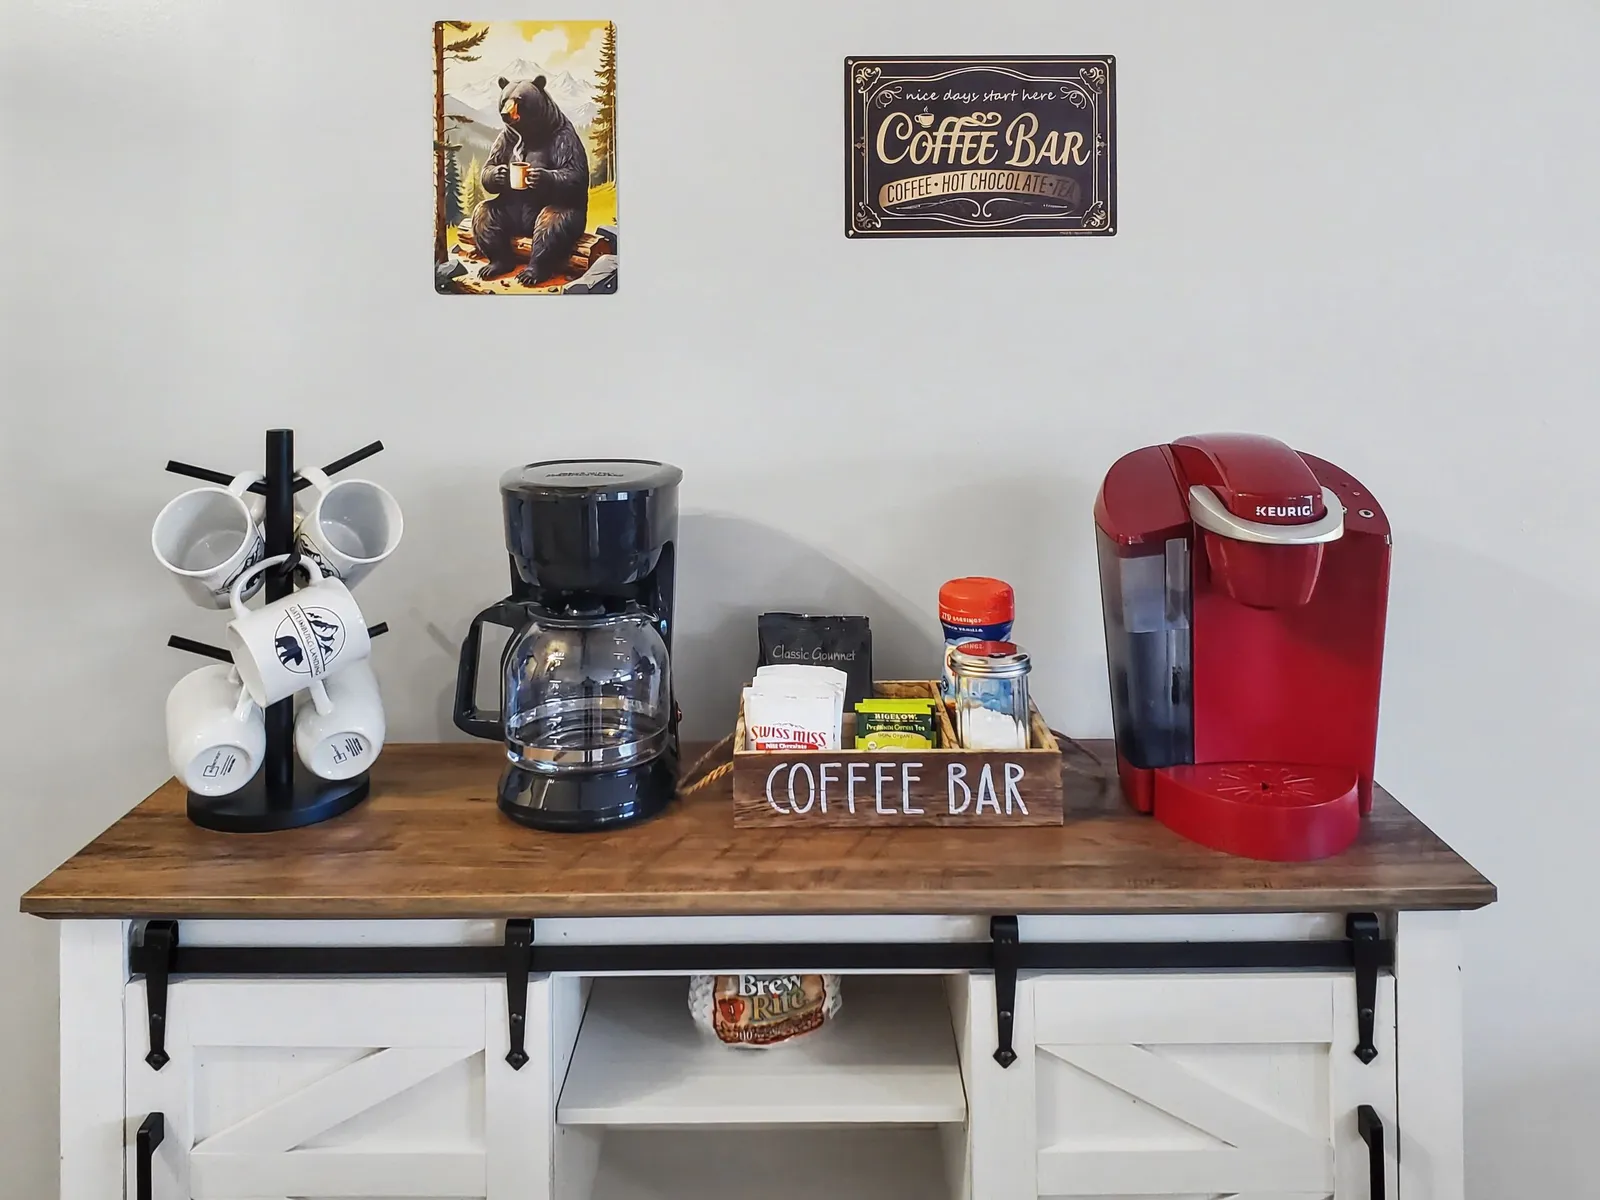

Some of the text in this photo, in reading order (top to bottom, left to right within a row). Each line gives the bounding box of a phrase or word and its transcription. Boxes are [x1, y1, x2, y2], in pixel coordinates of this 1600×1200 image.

[906, 87, 1057, 104] nice days start here
[887, 171, 1076, 203] COFFEE HOT CHOCOLATE TEA
[1256, 506, 1312, 517] KEURIG
[772, 644, 856, 661] Classic Gourmet
[750, 725, 827, 747] SWISS MISS
[765, 762, 1029, 816] COFFEE BAR
[738, 974, 801, 996] Brew
[753, 990, 806, 1021] Rite

◆ **PROBLEM DESCRIPTION**
If a picture appears among the entries, omit it and reproduce everything else exactly.

◆ **SOLUTION TO THIS PROBLEM**
Some of the text in this photo, in reading order (top to bottom, left to right within a row). Each line gives the bounding box of a phrase or word and its transcription. Boxes are [x1, y1, x2, y2], in pixel coordinates of this 1600×1200 image.

[906, 87, 1057, 104] nice days start here
[887, 171, 1076, 203] COFFEE HOT CHOCOLATE TEA
[1256, 506, 1312, 517] KEURIG
[772, 644, 856, 661] Classic Gourmet
[750, 725, 827, 747] SWISS MISS
[765, 762, 1029, 816] COFFEE BAR
[738, 974, 801, 996] Brew
[753, 990, 806, 1021] Rite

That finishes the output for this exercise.